About this task →
Skip the pictures. Give all the data again exactly.

Exercise data →
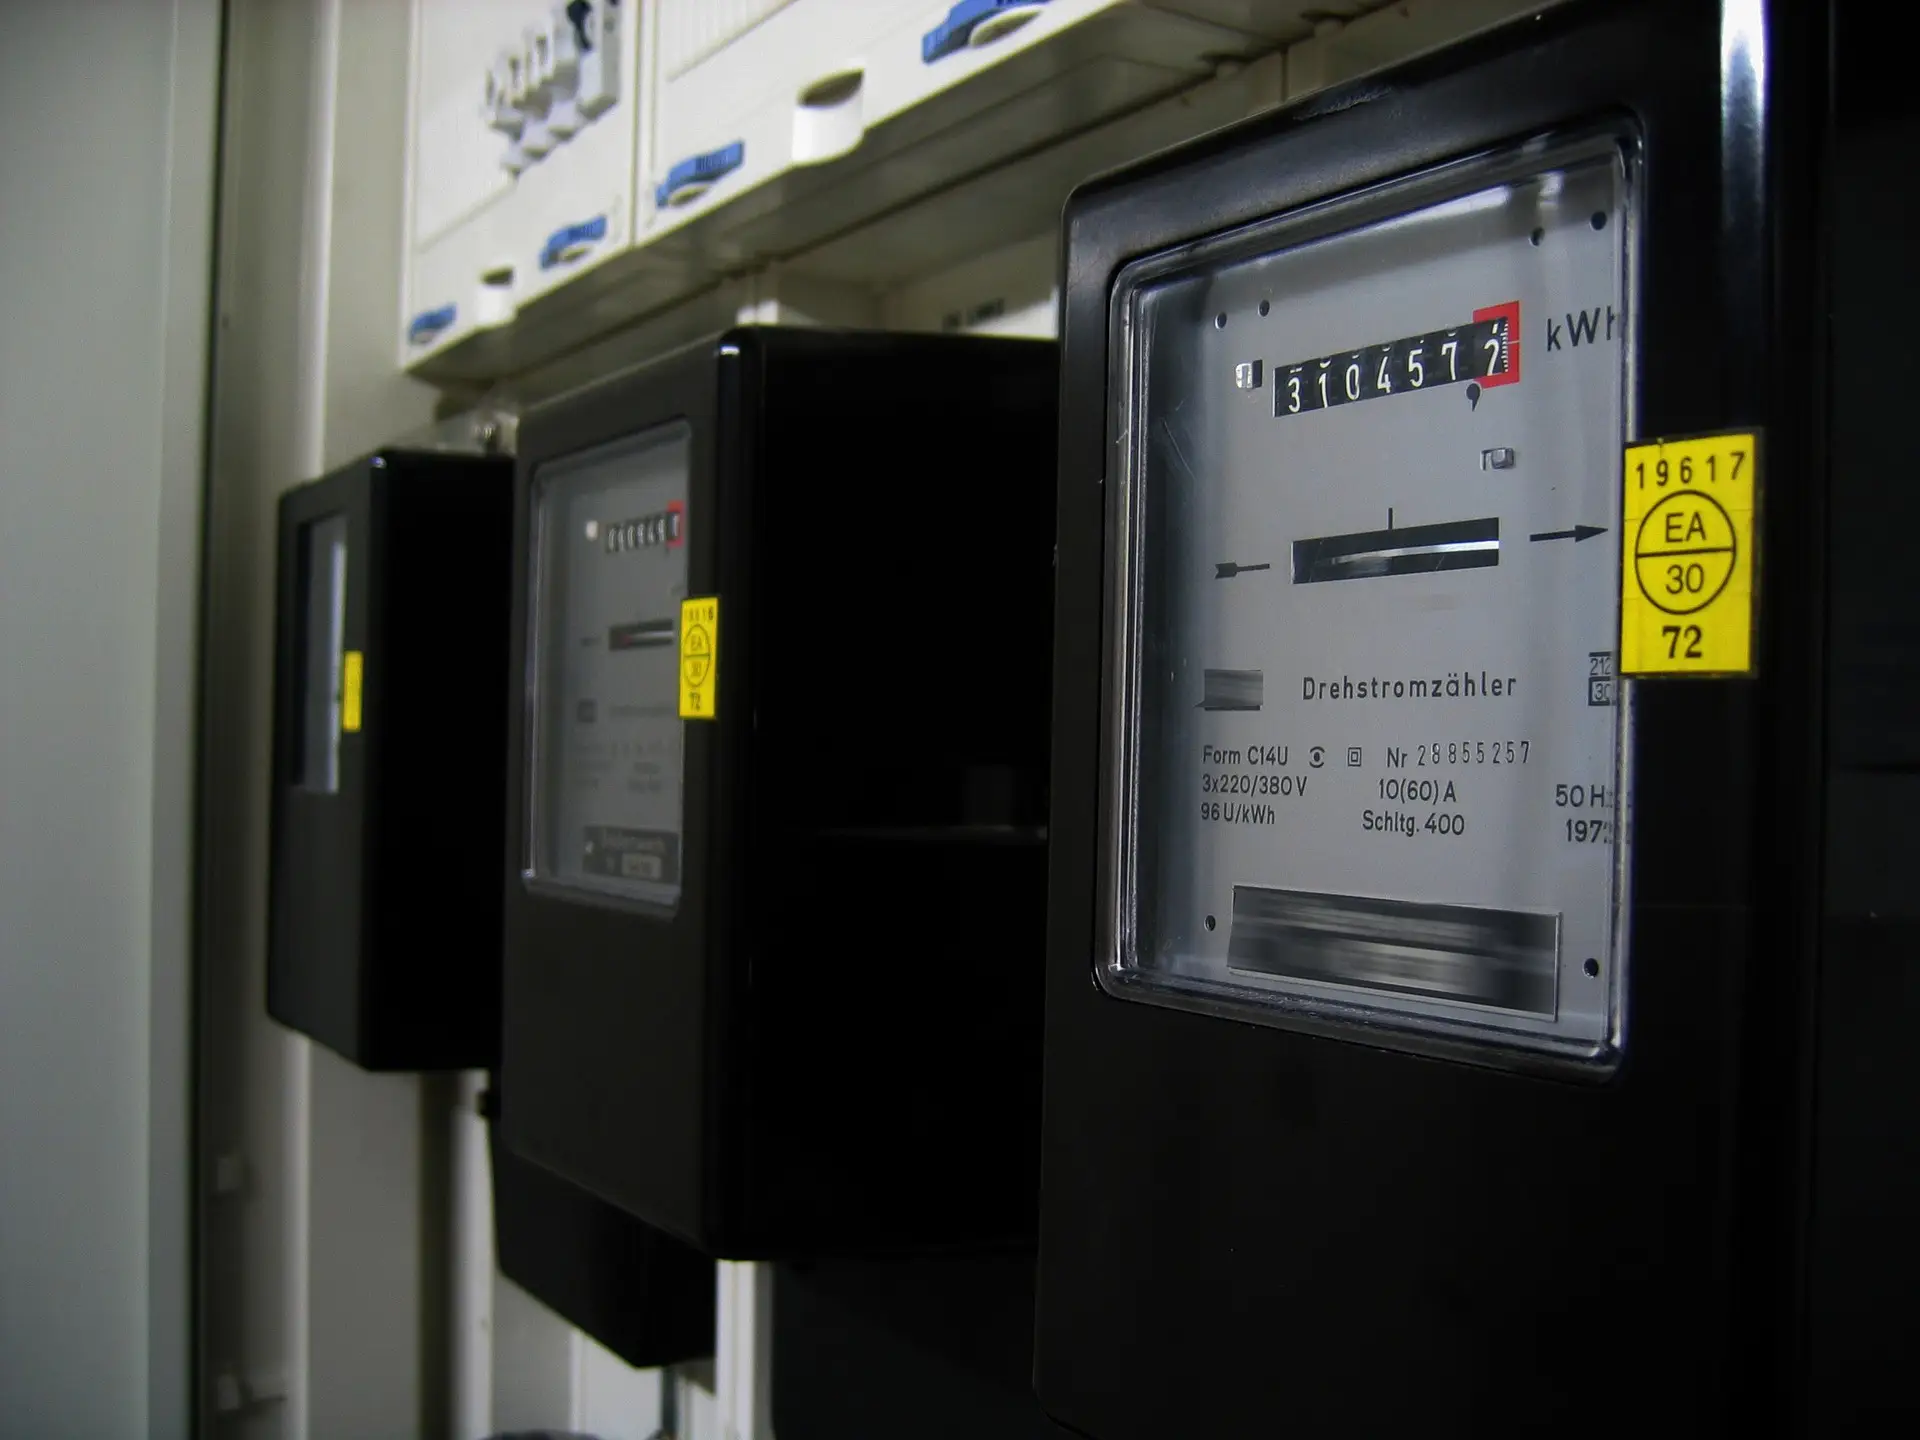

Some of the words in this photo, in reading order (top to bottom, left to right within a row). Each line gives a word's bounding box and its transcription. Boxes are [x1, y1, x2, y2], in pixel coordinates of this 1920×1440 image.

[1288, 339, 1501, 413] 3104572
[1635, 452, 1746, 490] 19617
[1664, 511, 1706, 543] EA
[1665, 563, 1704, 595] 30
[1662, 624, 1702, 659] 72
[1303, 672, 1516, 700] Drehstromzähler
[1202, 744, 1241, 764] Form
[1247, 746, 1288, 766] C14U
[1386, 747, 1408, 768] Nr
[1417, 741, 1530, 766] 28855257
[1379, 778, 1439, 805] 10(60)
[1443, 780, 1457, 802] A
[1555, 784, 1584, 808] 50
[1362, 810, 1420, 837] Schltg.
[1425, 813, 1465, 835] 400
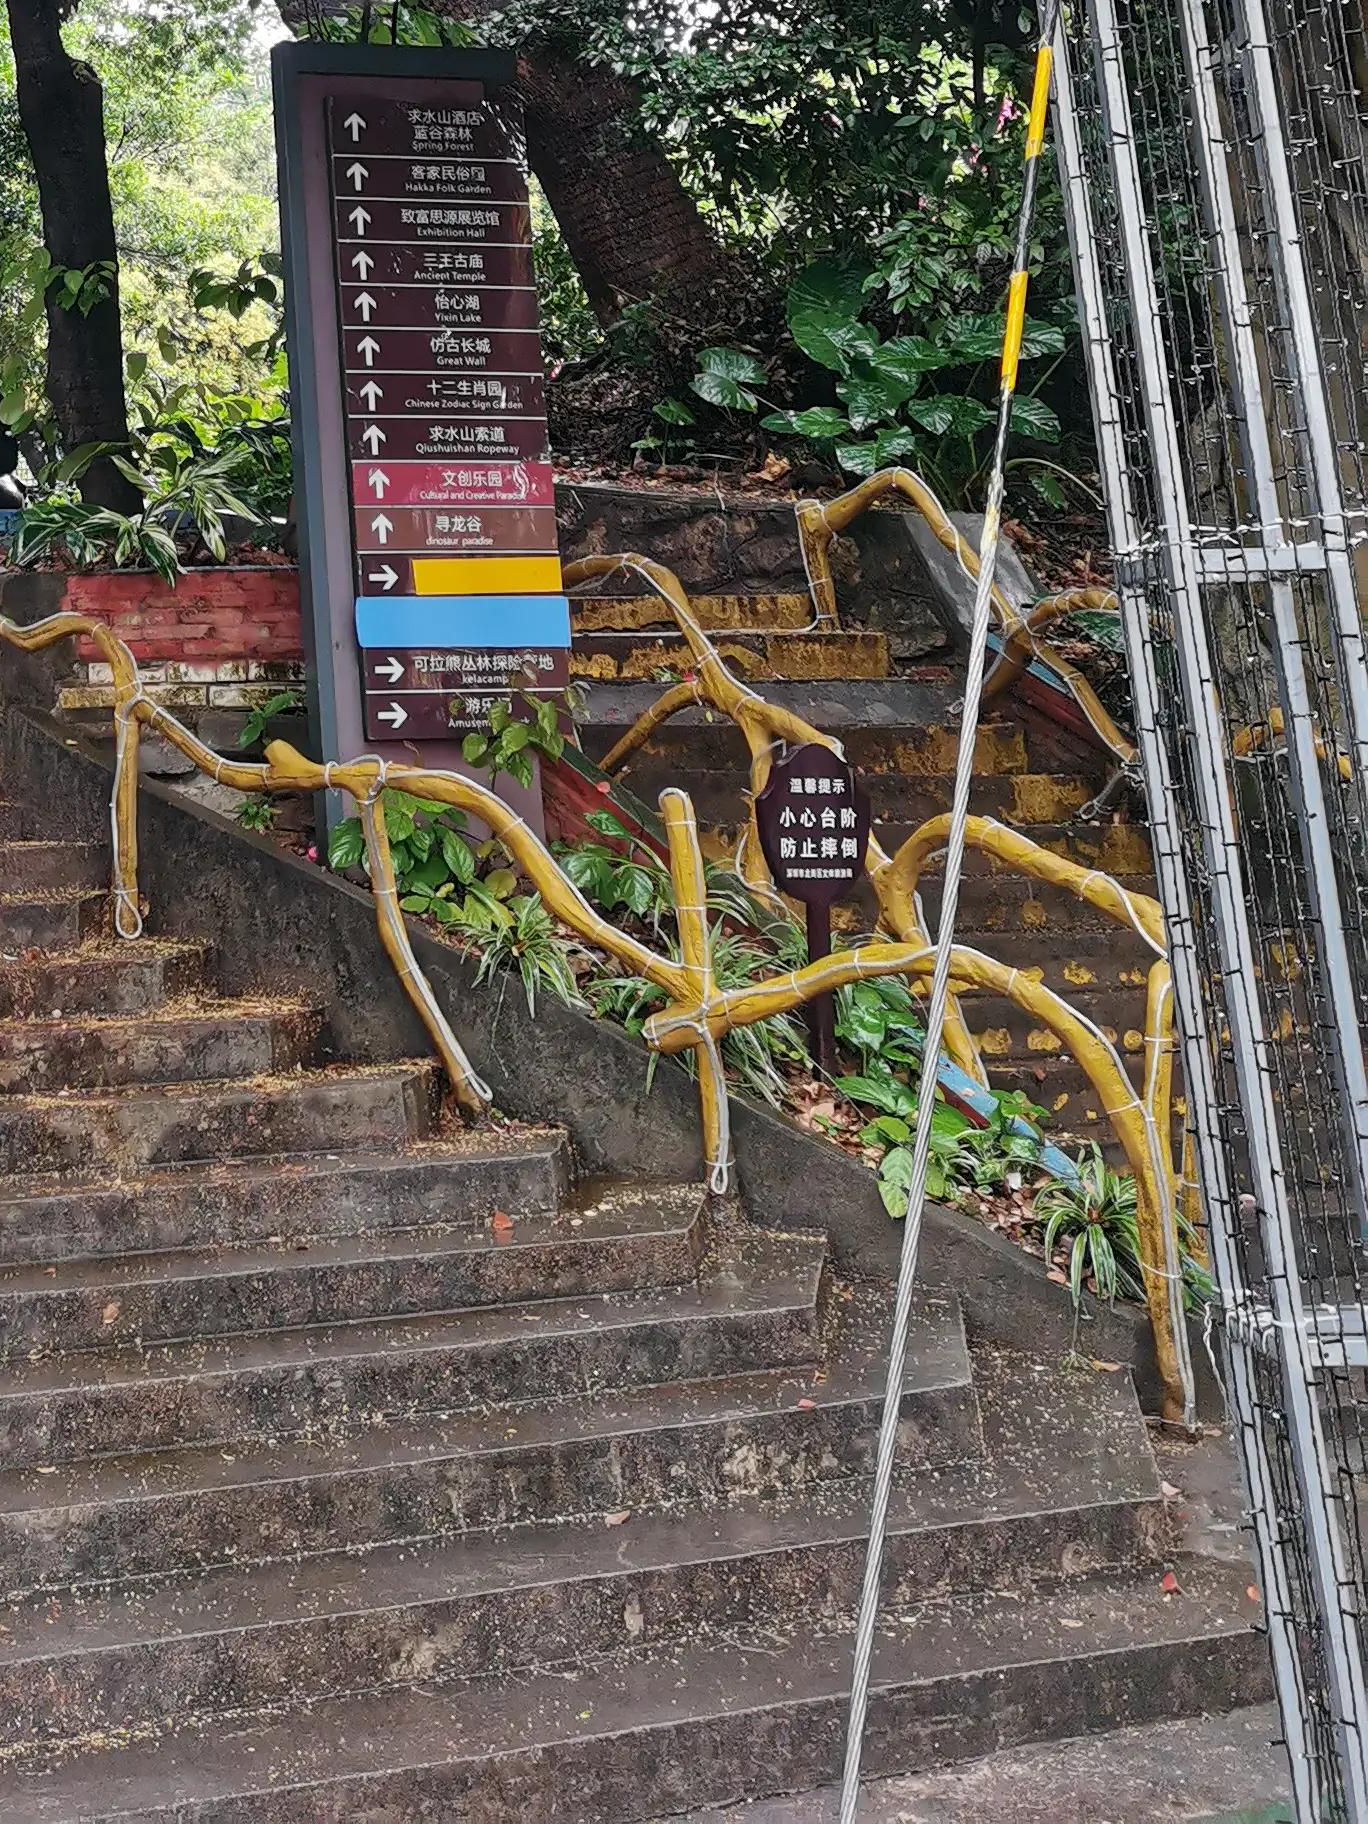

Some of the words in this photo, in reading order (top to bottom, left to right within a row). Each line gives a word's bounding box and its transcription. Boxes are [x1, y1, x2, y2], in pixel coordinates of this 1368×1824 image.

[408, 108, 481, 126] 求水山酒店
[412, 140, 443, 152] Spring
[445, 141, 474, 152] Forest
[405, 183, 434, 193] Hakka
[436, 183, 455, 193] Folk
[458, 184, 492, 194] Garden
[400, 208, 500, 226] 致富思源展览馆
[417, 227, 464, 238] Exhibition
[466, 228, 485, 238] Hall
[423, 252, 484, 269] 三王古庙
[414, 270, 450, 280] Ancient
[452, 271, 487, 282] Temple
[434, 294, 480, 310] 怡心湖
[434, 312, 458, 322] Yixin
[459, 313, 482, 323] Lake
[431, 337, 491, 354] 仿古长城
[436, 356, 463, 366] Great
[464, 356, 486, 366] Wall
[426, 379, 503, 397] 十二生肖园
[405, 398, 440, 408] Chinese
[442, 399, 470, 409] Zodiac
[472, 399, 492, 411] Sign
[429, 425, 506, 443] 求水山索道
[415, 443, 476, 454] Qiushuishan
[477, 443, 520, 456] Ropeway
[440, 470, 504, 487] 文创乐园
[451, 490, 464, 499] and
[466, 491, 495, 500] Creative
[435, 514, 482, 532] 寻龙谷
[425, 536, 459, 546] dinosaur
[462, 536, 494, 548] paradise
[789, 777, 846, 794] 温馨提示
[779, 805, 858, 829] 小心台阶
[780, 836, 858, 860] 防止摔倒
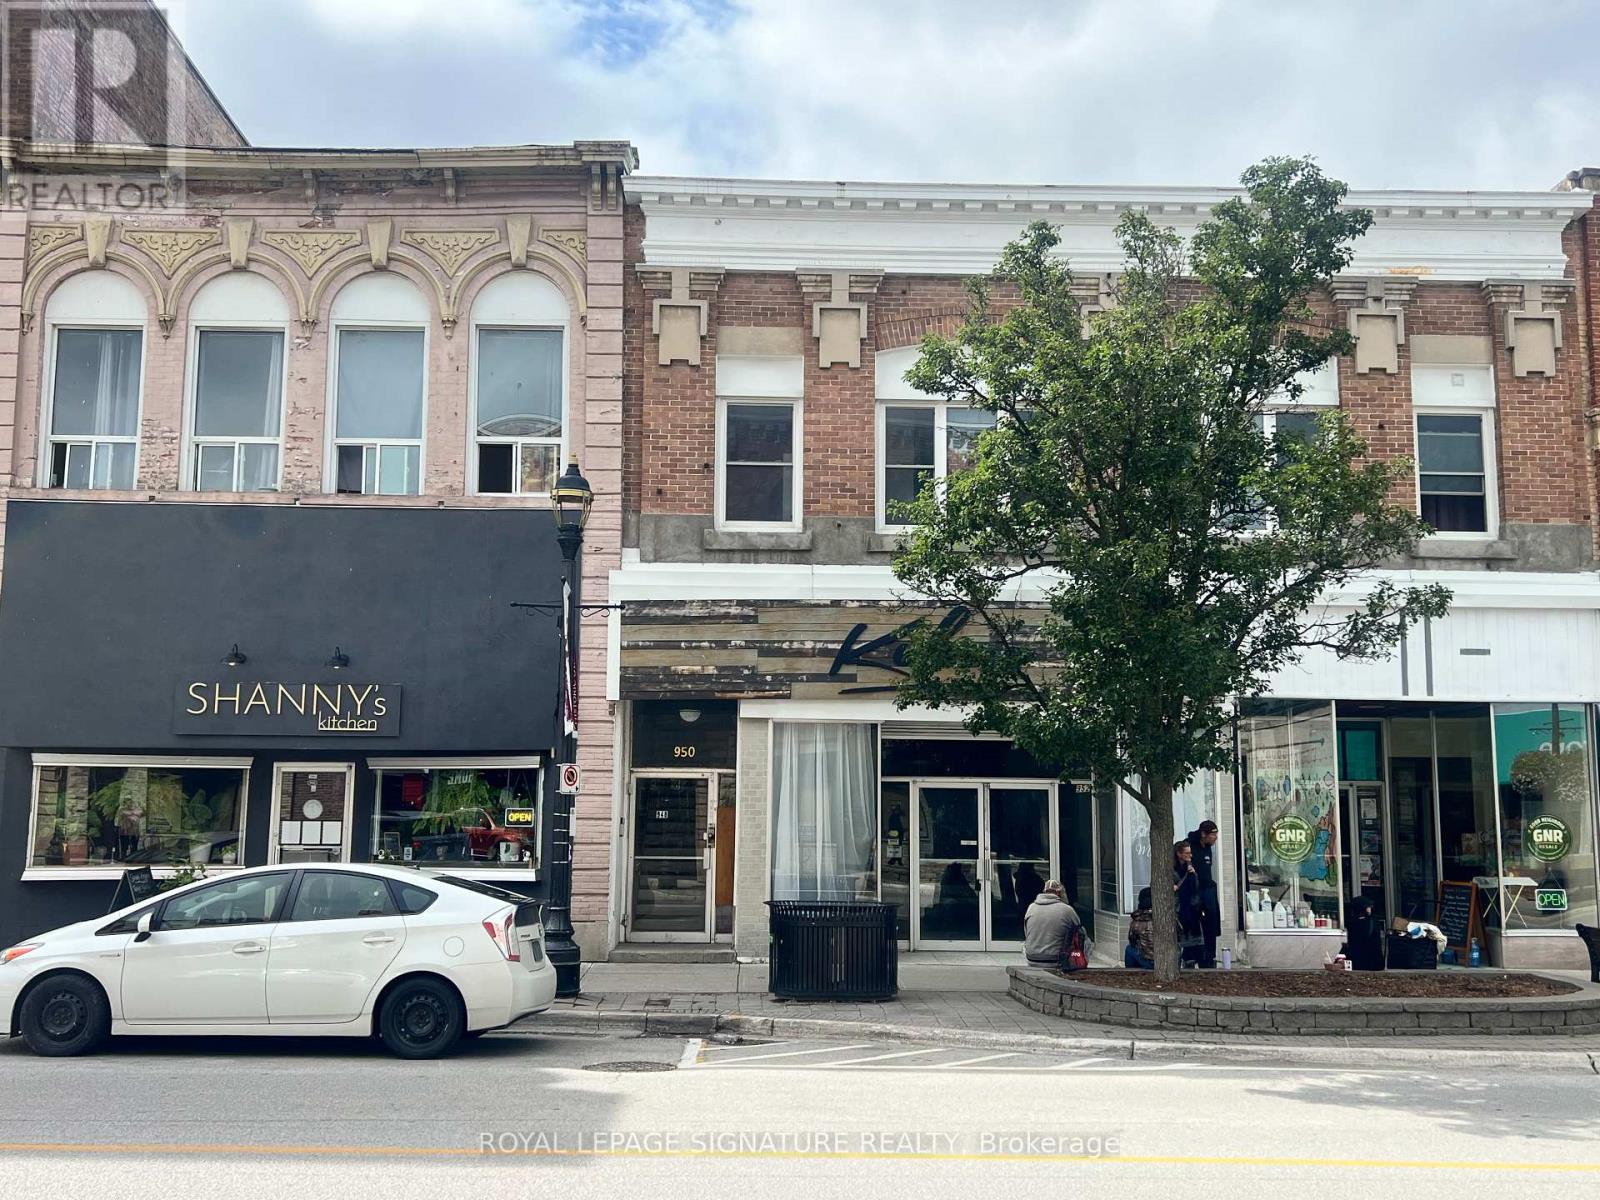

Exercise output →
Some of the words in this photo, in reading order (top to bottom, left to right within a row). Each line gives a word's bounding box and its transcription. Boxes are [x1, y1, x2, y2], in pixel coordinates of this 1920×1440 image.

[1288, 339, 1501, 413] 3104572
[1635, 452, 1746, 490] 19617
[1664, 511, 1706, 543] EA
[1665, 563, 1704, 595] 30
[1662, 624, 1702, 659] 72
[1303, 672, 1516, 700] Drehstromzähler
[1202, 744, 1241, 764] Form
[1247, 746, 1288, 766] C14U
[1386, 747, 1408, 768] Nr
[1417, 741, 1530, 766] 28855257
[1379, 778, 1439, 805] 10(60)
[1443, 780, 1457, 802] A
[1555, 784, 1584, 808] 50
[1362, 810, 1420, 837] Schltg.
[1425, 813, 1465, 835] 400

Some of the words in this photo, in reading order (top to bottom, left to right within a row). Each line gives a word's bounding box and its transcription. Boxes are [x1, y1, x2, y2], in pixel coordinates of this 1368×1824 image.

[408, 108, 481, 126] 求水山酒店
[412, 140, 443, 152] Spring
[445, 141, 474, 152] Forest
[405, 183, 434, 193] Hakka
[436, 183, 455, 193] Folk
[458, 184, 492, 194] Garden
[400, 208, 500, 226] 致富思源展览馆
[417, 227, 464, 238] Exhibition
[466, 228, 485, 238] Hall
[423, 252, 484, 269] 三王古庙
[414, 270, 450, 280] Ancient
[452, 271, 487, 282] Temple
[434, 294, 480, 310] 怡心湖
[434, 312, 458, 322] Yixin
[459, 313, 482, 323] Lake
[431, 337, 491, 354] 仿古长城
[436, 356, 463, 366] Great
[464, 356, 486, 366] Wall
[426, 379, 503, 397] 十二生肖园
[405, 398, 440, 408] Chinese
[442, 399, 470, 409] Zodiac
[472, 399, 492, 411] Sign
[429, 425, 506, 443] 求水山索道
[415, 443, 476, 454] Qiushuishan
[477, 443, 520, 456] Ropeway
[440, 470, 504, 487] 文创乐园
[451, 490, 464, 499] and
[466, 491, 495, 500] Creative
[435, 514, 482, 532] 寻龙谷
[425, 536, 459, 546] dinosaur
[462, 536, 494, 548] paradise
[789, 777, 846, 794] 温馨提示
[779, 805, 858, 829] 小心台阶
[780, 836, 858, 860] 防止摔倒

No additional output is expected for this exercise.